Problem description:
Where an entry contains an image, skip the image and print the rest exactly.

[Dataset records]
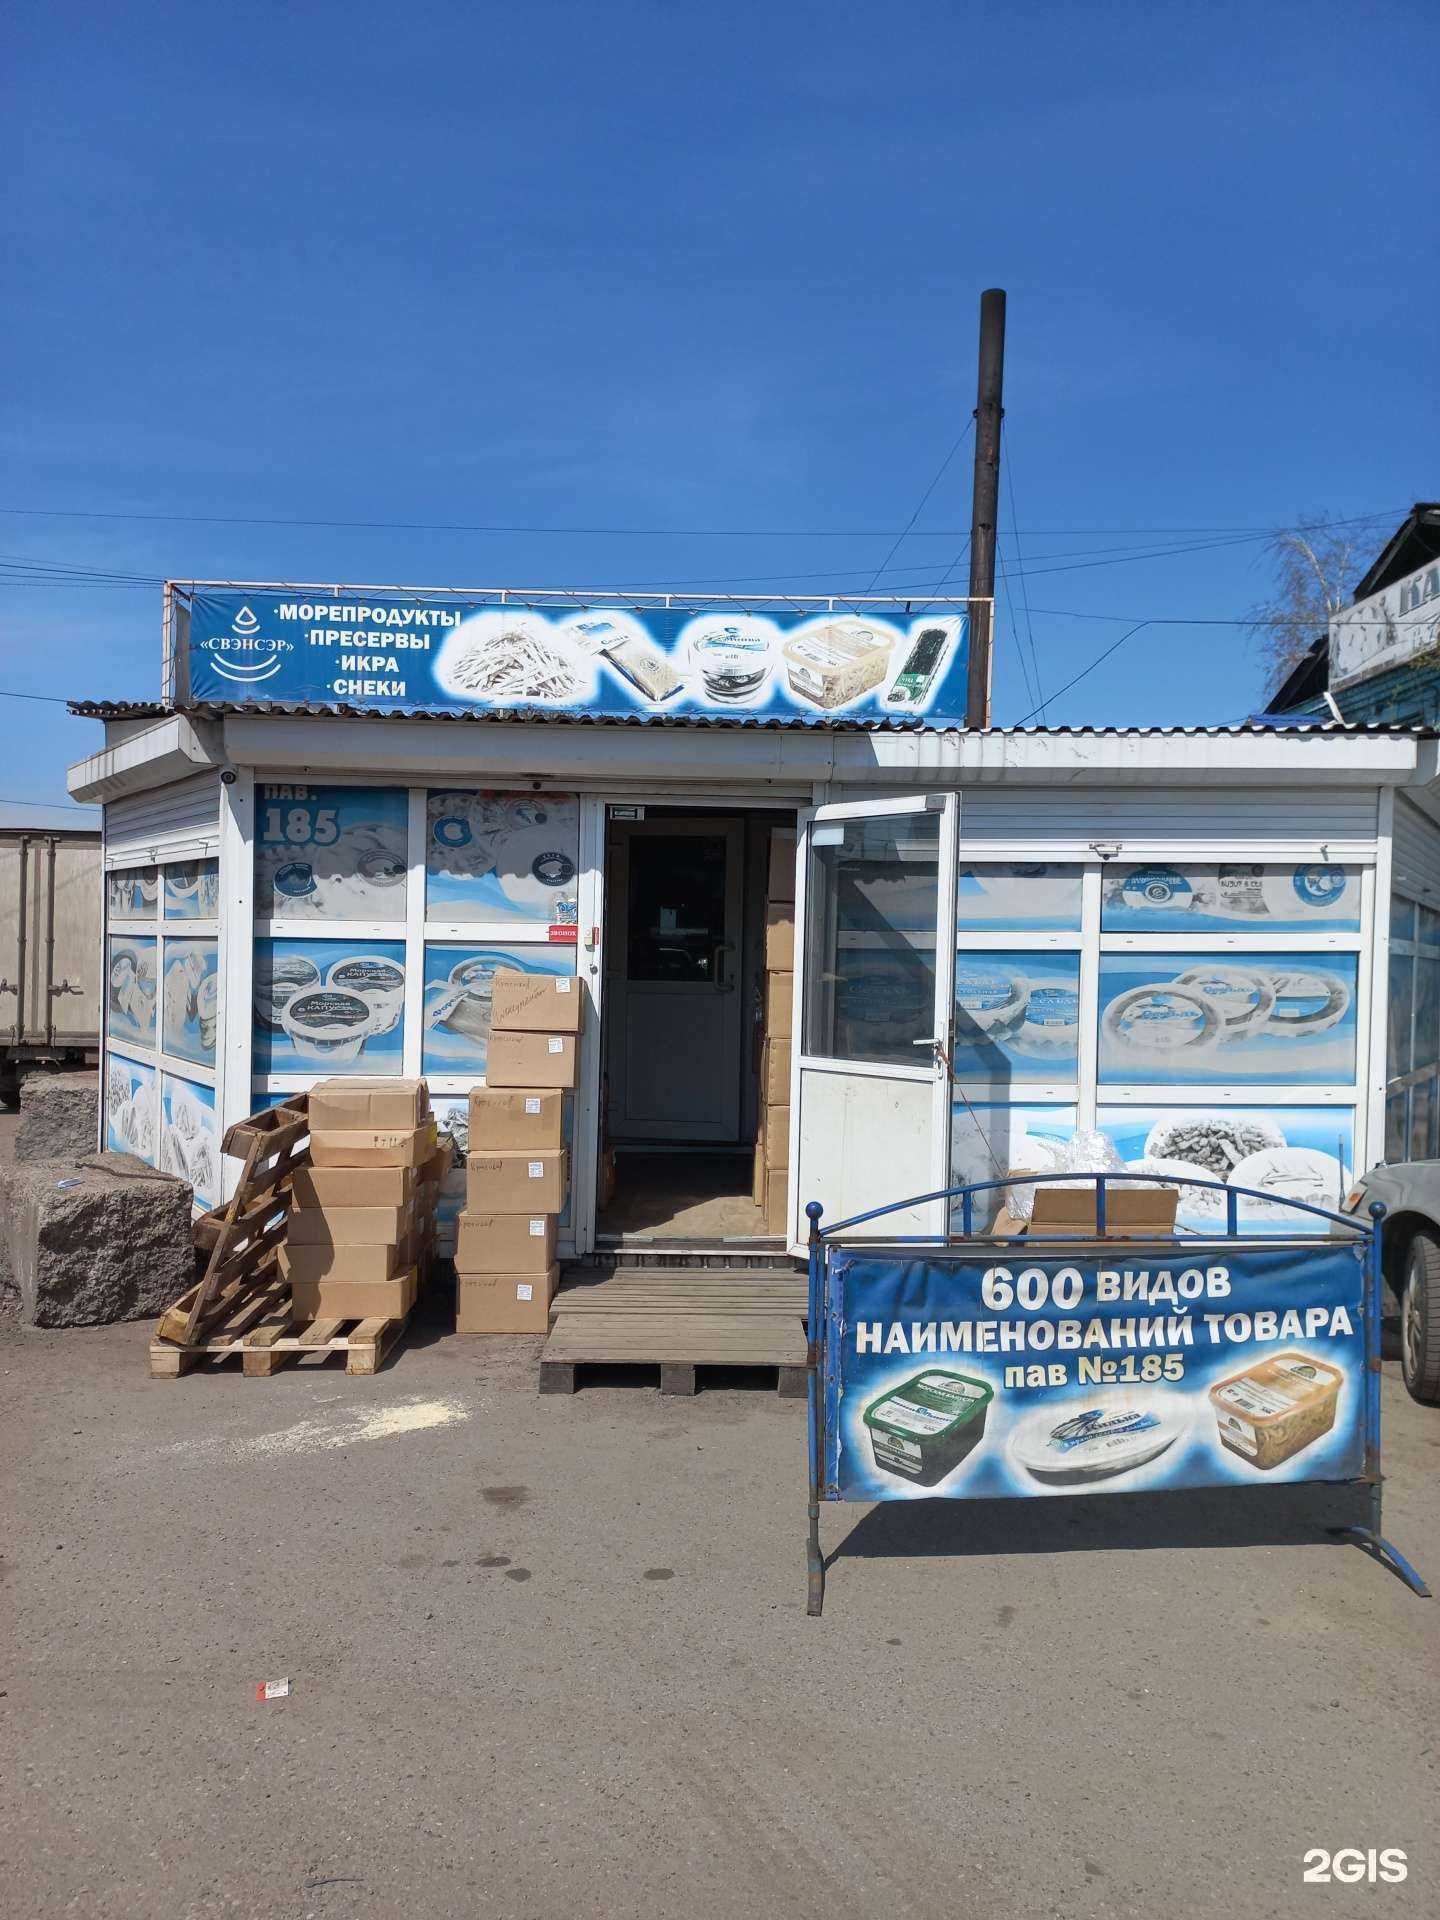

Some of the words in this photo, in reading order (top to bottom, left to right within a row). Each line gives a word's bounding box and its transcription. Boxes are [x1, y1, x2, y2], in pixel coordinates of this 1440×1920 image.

[279, 604, 461, 627] МОРЕПРОДУКТЫ
[310, 629, 430, 650] ПРЕСЕРВЫ
[341, 655, 400, 672] ИКРА
[332, 679, 406, 697] СНЕКИ
[263, 808, 337, 843] 185
[981, 1267, 1084, 1311] 600
[1096, 1266, 1232, 1306] ВИДОВ
[856, 1305, 1195, 1354] НАИМЕНОВАНИЙ
[1203, 1306, 1354, 1344] ТОВАРА
[1004, 1363, 1068, 1389] пав
[1078, 1353, 1186, 1385] №185

Result for this exercise:
Some of the words in this photo, in reading order (top to bottom, left to right within a row). Each line gives a word's bounding box and its transcription. Boxes are [x1, y1, x2, y2], in pixel coordinates of this 1440×1920 image.

[279, 604, 461, 627] МОРЕПРОДУКТЫ
[310, 629, 430, 650] ПРЕСЕРВЫ
[341, 655, 400, 672] ИКРА
[332, 679, 406, 697] СНЕКИ
[263, 808, 337, 843] 185
[981, 1267, 1084, 1311] 600
[1096, 1266, 1232, 1306] ВИДОВ
[856, 1305, 1195, 1354] НАИМЕНОВАНИЙ
[1203, 1306, 1354, 1344] ТОВАРА
[1004, 1363, 1068, 1389] пав
[1078, 1353, 1186, 1385] №185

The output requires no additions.